File sizes are another problem. A multi-day bikepacking trip recorded at one-second intervals can be 30MB or more of XML. That is a lot of data to parse, process, and render in a browser.

Parsing: libraries vs. doing it yourself

For Python, gpxpy is the standard choice. It handles the common quirks, parses extensions, and gives you clean objects to work with. For a backend processing pipeline, it is the right call.

import gpxpy
 
with open("ride.gpx", "r") as f:
    gpx = gpxpy.parse(f)
 
for track in gpx.tracks:
    for segment in track.segments:
        for point in segment.points:
            print(f"{point.latitude}, {point.longitude}, {point.elevation}")

On the JavaScript side, options are thinner. Libraries like gpx-parser-builder exist, but I ended up writing a lightweight parser using the DOMParser API for browser-side work. GPX is just XML, so parsing it is straightforward if you only need tracks and waypoints. The tricky part is handling the edge cases: missing elevation, multiple track segments, extensions you did not expect.

Rolling your own parser is tempting because the format is simple. But you will keep finding new edge cases from new devices for months. Using a maintained library saves time in the long run.

Rendering on a map

Once you have an array of coordinates, putting them on a map is the easy part. Leaflet with a polyline, or Mapbox GL with a GeoJSON line layer. Connect the dots and you have a route.

The hard part is performance. A track with 50,000 points does not need all of them to look good on a map at most zoom levels. This is where simplification algorithms come in. The Douglas-Peucker algorithm is the classic choice. It reduces the number of points while preserving the shape of the line. Libraries like Turf.js include it, or you can use simplify-js by Vladimir Agafonkin (the same person behind Leaflet).

For Routemade, I simplify tracks aggressively for the preview map but keep the full resolution data for the final product rendering. A 50,000-point track can often be simplified to 2,000 points with no visible difference at typical zoom levels.

Elevation profiles

Elevation data is where things get really inconsistent. Phone GPS elevation is notoriously bad, often off by 20-50 meters. Even dedicated GPS devices produce noisy elevation data that needs smoothing before you can draw a usable elevation profile.

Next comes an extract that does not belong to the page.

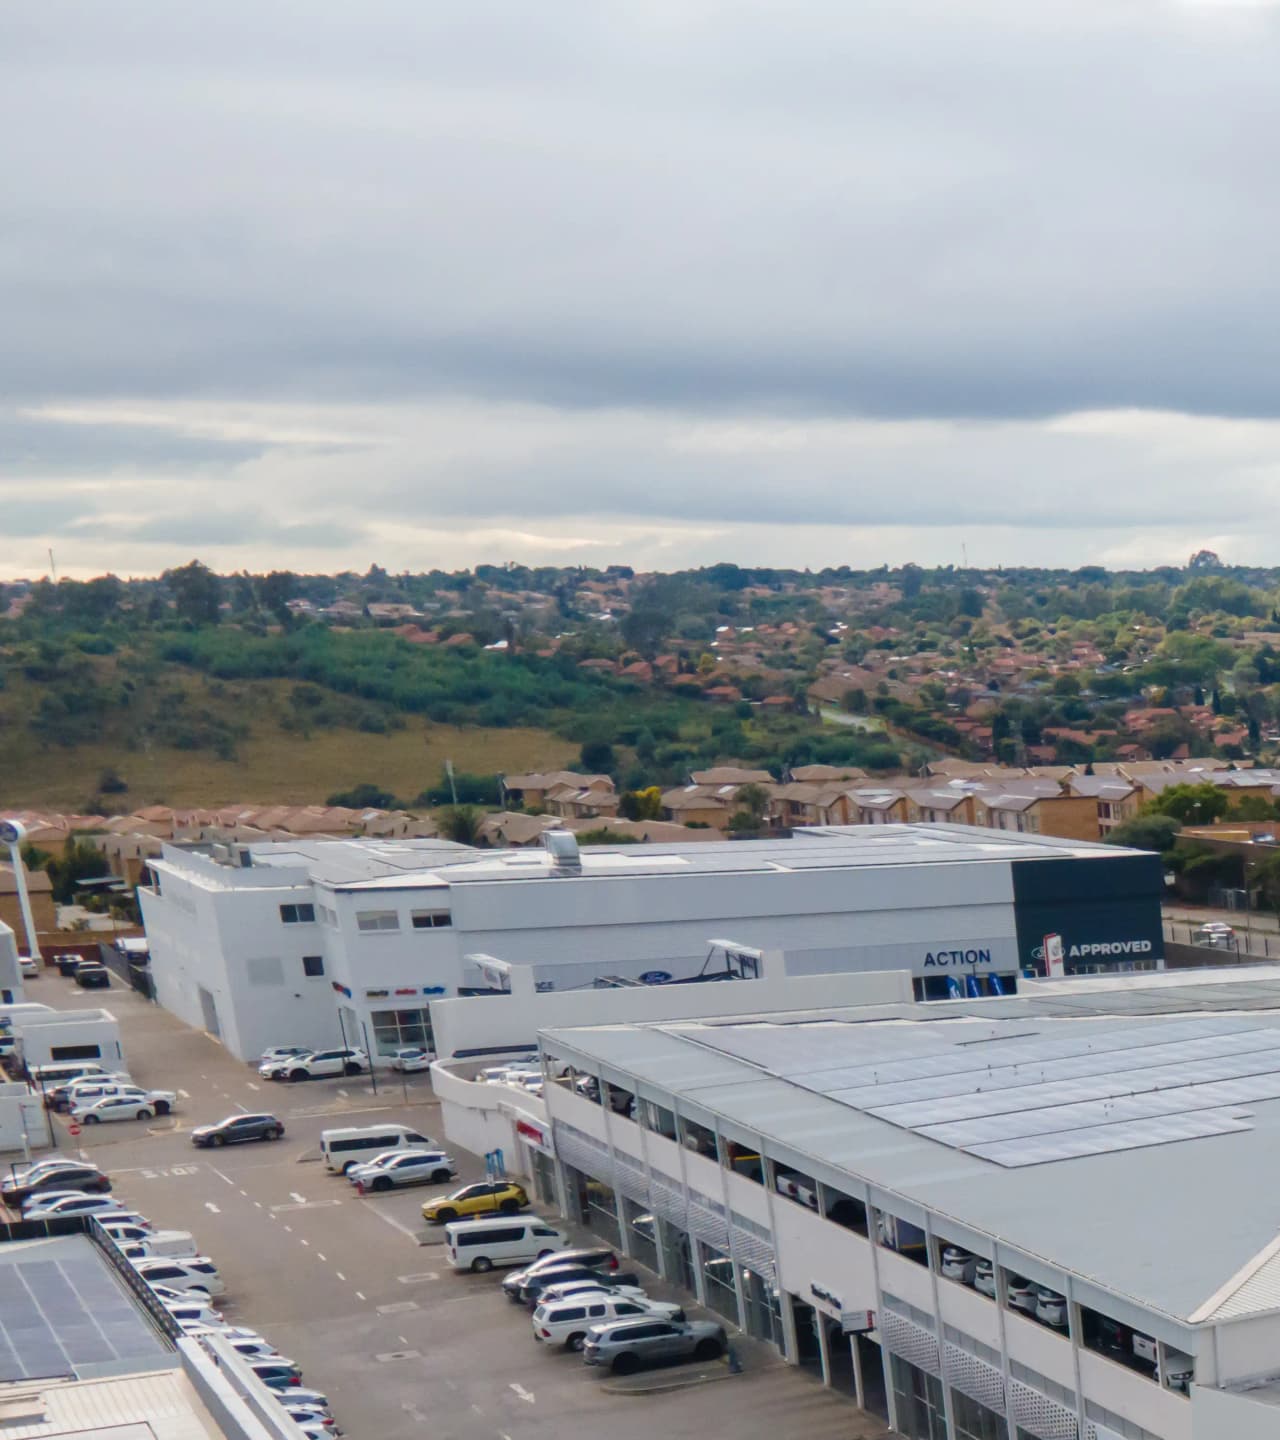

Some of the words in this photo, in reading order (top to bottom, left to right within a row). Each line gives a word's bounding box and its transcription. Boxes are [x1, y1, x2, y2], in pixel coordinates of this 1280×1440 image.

[1069, 940, 1152, 957] APPROVED
[923, 949, 991, 967] ACTION
[141, 1166, 199, 1178] STOP

I apply a simple moving average to smooth the elevation data before rendering profiles. A window of 5-10 points works well for most activities. Without smoothing, your elevation profile looks like a seismograph reading.

Some services like the Google Elevation API or open alternatives like Open-Elevation can replace GPS elevation with DEM (Digital Elevation Model) data. This gives you much more accurate profiles but adds an external dependency and API calls for every file.

What I would tell someone starting out

If you are building something that accepts GPX files from users, plan for chaos. Validate aggressively, handle missing fields gracefully, and test with files from as many different sources as you can find. The GPX spec is clean, but the ecosystem around it is not.

Use an established parsing library. Simplify tracks before rendering. Smooth elevation data before displaying profiles. And never assume a GPX file will have all the fields the spec says it should.